La noticia no debe pasar de eso, agregó, de meras notas informativas y comentarios en las redes sociales.

“Es cierto, #NiUnoMás es un hashtag muy bonito, yo mismo lo he compartido, pero siguen matando periodistas. Yo creía que eso estaba muy alejado, en el sur del país y, ahora, más recientemente en Hermosillo (con el asesinato del comunicador Reynaldo López, el 16 de febrero pasado); pero nos vamos asustando cuando se acerca la lumbre a los aparejos, y prendes los focos anaranjados… ahora ese foco está en rojo intenso”.

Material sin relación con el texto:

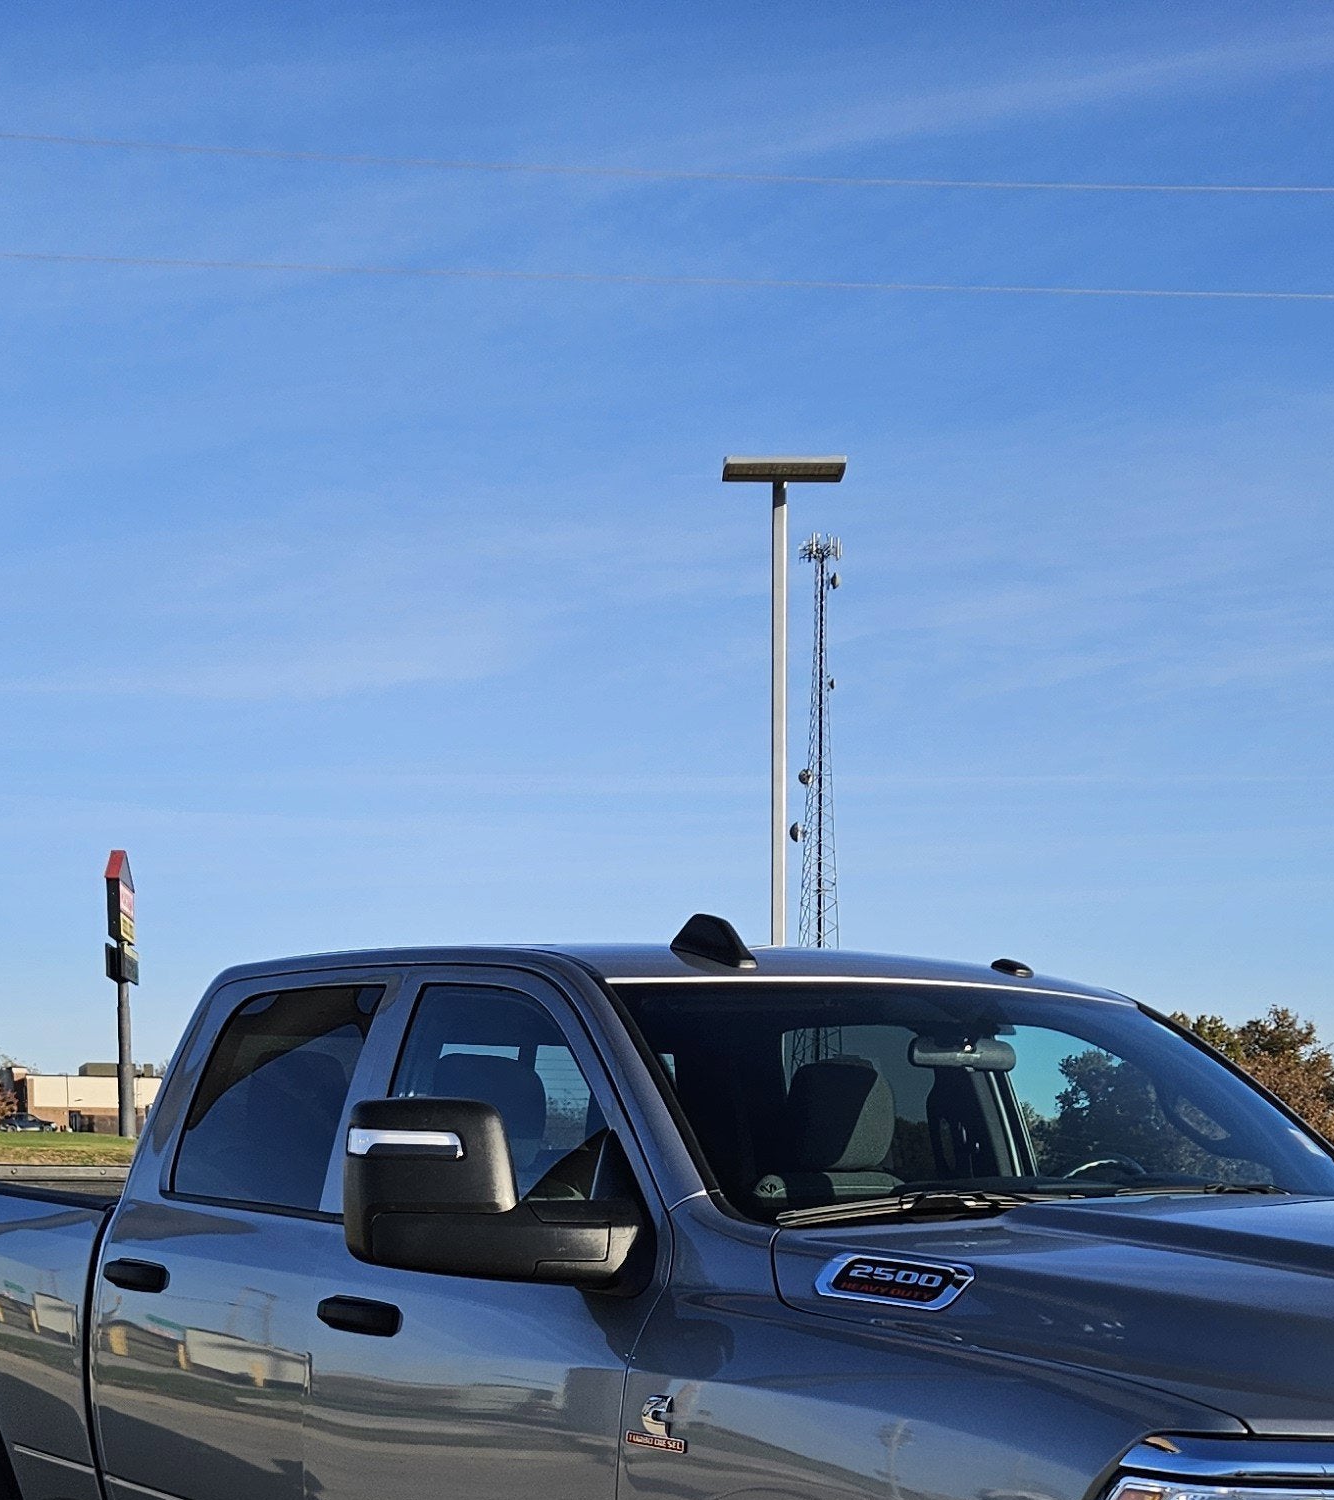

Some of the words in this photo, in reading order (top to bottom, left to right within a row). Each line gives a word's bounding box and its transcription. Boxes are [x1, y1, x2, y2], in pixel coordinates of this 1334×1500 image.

Una vez que se cumpla el ritual funerario de Santiago, lo que sigue para las y los periodistas es pasar a la acción. “Tenemos que ocuparnos en protestar, en exigir justicia, mejor seguridad pública y que autoridades cumplan con su trabajo, desde el presidente municipal, el director de seguridad pública, las autoridades estatales… ¿cómo es posible que llegan dos vagos con una pistola y maten a un periodista tan reconocido? Algo no están haciendo bien”.

Santiago escribió recientemente, el 15 de febrero, una columna titulada “SLRC: La ruta del Chapo”. Para Melgoza, fue la primera respuesta que se le vino a la mente después de preguntarse el por qué del crimen. Sin embargo, no le parece justificación suficiente.

“Santiago era profesional, objetivo, serio, crítico, claro que sí, pero no con un estilo agresivo o incendiario, era hasta elegante para armar sus comentarios y textos… entre ellos, encuentro nada más uno que me hace ruido, donde se refiere a la ruta del Chapo y su conexión en San Luis, pero, la verdad, no escribe nada nuevo; es una especie de recuento histórico de cómo el Cartel de Sinaloa ha tenido en San Luis a una de sus plazas consentidas.

Hablando con policías investigadores, me dijeron que tampoco les parecía que por ahí pudiera venir el ataque, pero, si no es por ahí, ¿entonces por dónde?”.

“Estamos impactados por este suceso”: Manuel, amigo de Santiago

Manuel Angulo, es director de Tribuna de San Luis y también amigo de Santiago desde los años 90.

“Estamos bastante impactados por este suceso”, narró, “desde 1997, desde que asesinaron a Benjamín Flores González, no se había dado otro, ha habido otros ataques en otros municipios, porque es conocida la ola de atentados y crímenes en el país, pero de las investigaciones no se sabe mucho, prácticamente están en ese proceso las autoridades, pero esos casos, desafortunadamente, son tardados en cuanto a dar resultados.

Estamos vulnerables en la mayoría de los casos, nunca sabemos bien a bien de dónde podría venir una reacción del crimen organizado o de autoridades aludidas o molestas por algún tipo de manifestación o publicación.

Santiago era muy valiente y muy meticuloso en el manejo de fuentes e información. Muchas veces hicimos trabajos juntos, que sabíamos que corríamos riesgo, que pisábamos callos de gente peligrosa, pero nunca hubo una reacción y, cuando menos uno se lo espera, se dan estas situaciones”.

Para Angulo también podrían existir pistas en su columna publicada el pasado 1 de marzo, donde Santiago narró la colusión de la Policía Municipal en la nula atención de la inseguridad en San Luis. Por lo que, en la investigación de su asesinato, no debe descartarse la línea de un atentado en contra suya por su ejercicio periodístico y en contra de la libertad de expresión.

“Creo que, a final de cuentas, lo que tenemos que asumir los medios locales y regionales es una postura ante este tipo de eventos”, concluyó Angulo, “que la autoridad dé resultados y darlos a conocer; en lo consecuente, que cada quien tome medidas de seguridad y sepamos hasta qué punto nos arriesgamos en los temas de investigación y coberturas peligrosas.

Esta es una actividad que implica muchos riesgos, cuando se toma con la profesionalidad con la que Santiago lo hacía”.